An unauthorized individual was found to have to have obtained access to the email account of a Southern California Permanente medical worker, which contained a small amount of protected health information details.
Kaiser Permanente carried an in depth investigation to determine the nature and full extent of the breach that occurred. While the email account was open to access, Kaiser Permanente feels the danger to plan members is low due to the specific nature of data within the email account.
The email account did not incorporaty highly sensitive information such as bank account information, credit card details, insurance history or Social Security information. The breach was kept to data regarding to plan members’ names, ages, dates of service, medical record details, phone numbers, restricted medical information, and flu shot records.
Those in danger have been informed of the breach through a mail shot and Kaiser Permanente is looking into additional technology that can be put in place to prevent similar breaches from occurring again.
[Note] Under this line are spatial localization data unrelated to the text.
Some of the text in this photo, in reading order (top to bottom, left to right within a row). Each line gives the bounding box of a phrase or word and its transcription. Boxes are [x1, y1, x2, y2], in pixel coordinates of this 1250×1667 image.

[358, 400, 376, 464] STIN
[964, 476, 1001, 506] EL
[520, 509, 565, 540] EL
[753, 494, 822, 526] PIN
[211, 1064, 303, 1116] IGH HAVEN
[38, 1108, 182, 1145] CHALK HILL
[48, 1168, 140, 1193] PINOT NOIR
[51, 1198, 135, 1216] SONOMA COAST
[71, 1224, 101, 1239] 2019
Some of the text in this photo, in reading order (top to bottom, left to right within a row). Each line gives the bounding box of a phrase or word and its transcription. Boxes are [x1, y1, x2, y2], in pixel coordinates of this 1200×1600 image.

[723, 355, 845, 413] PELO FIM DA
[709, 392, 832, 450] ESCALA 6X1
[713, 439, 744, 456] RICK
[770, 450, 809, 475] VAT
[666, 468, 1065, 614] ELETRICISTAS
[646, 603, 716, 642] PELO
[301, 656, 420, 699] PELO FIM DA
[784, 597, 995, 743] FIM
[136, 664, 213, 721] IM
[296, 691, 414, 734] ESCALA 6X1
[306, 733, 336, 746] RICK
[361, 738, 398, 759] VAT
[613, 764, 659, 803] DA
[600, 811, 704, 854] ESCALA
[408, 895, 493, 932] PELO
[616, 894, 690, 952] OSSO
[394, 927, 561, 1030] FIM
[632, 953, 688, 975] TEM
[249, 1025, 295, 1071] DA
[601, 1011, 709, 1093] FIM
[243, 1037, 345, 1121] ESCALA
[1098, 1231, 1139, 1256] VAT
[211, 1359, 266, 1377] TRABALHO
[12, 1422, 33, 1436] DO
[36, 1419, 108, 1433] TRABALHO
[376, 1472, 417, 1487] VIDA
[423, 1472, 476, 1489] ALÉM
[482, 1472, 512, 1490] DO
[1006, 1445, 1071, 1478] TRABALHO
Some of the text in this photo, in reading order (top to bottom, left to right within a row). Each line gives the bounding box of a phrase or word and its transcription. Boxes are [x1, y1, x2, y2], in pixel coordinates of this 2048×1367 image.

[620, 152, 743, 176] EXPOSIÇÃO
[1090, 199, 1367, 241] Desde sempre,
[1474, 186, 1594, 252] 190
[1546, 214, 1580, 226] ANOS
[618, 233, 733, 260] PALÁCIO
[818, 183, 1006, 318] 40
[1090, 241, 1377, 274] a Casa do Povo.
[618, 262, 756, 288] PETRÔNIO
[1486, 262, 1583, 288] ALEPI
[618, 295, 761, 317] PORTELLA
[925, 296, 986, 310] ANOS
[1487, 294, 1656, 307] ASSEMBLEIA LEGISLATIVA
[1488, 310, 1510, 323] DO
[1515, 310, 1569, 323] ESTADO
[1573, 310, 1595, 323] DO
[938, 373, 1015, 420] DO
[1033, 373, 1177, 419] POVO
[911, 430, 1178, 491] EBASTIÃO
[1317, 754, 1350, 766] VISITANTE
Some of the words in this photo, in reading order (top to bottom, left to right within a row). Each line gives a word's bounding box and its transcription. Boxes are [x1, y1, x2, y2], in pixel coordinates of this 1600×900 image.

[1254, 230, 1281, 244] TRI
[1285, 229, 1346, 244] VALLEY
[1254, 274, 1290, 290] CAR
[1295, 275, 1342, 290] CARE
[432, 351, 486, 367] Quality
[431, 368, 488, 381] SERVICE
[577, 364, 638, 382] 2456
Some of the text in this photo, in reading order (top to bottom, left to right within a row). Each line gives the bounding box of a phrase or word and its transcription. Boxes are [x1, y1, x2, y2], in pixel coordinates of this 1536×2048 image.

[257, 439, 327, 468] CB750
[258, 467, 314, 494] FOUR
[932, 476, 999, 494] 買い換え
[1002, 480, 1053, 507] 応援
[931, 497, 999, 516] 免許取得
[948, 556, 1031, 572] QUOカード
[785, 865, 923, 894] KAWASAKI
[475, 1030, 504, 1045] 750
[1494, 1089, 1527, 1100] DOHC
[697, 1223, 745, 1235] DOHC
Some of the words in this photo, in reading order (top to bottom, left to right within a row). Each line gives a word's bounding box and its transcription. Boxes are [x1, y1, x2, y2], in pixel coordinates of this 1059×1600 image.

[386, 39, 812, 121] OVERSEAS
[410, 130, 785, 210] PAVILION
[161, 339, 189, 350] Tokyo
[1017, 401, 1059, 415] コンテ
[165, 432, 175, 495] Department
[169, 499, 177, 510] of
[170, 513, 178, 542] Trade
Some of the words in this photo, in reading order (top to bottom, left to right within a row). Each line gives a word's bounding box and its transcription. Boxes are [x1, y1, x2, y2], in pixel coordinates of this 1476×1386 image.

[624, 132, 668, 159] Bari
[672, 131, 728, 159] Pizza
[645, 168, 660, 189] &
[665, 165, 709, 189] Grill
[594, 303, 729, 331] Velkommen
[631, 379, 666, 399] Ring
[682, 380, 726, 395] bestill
Around one week later, Kaiser Permanente reported another data breach, this time involving the PHI of 638 plan clients. The second breach took place between October 9 and October 13, 2017 and was a mis-mailing incident. Letters that included a restricted amount of protected health information were issued to the wrong plan clients in the West Los Angeles district.
However there were no Social Security numbers, medical record numbers, financial credentials, or other highly sensitive data was accessed. Affected clients have been notified and mailing workflow procedures have been reviewed and refreshed to stop this from happening again.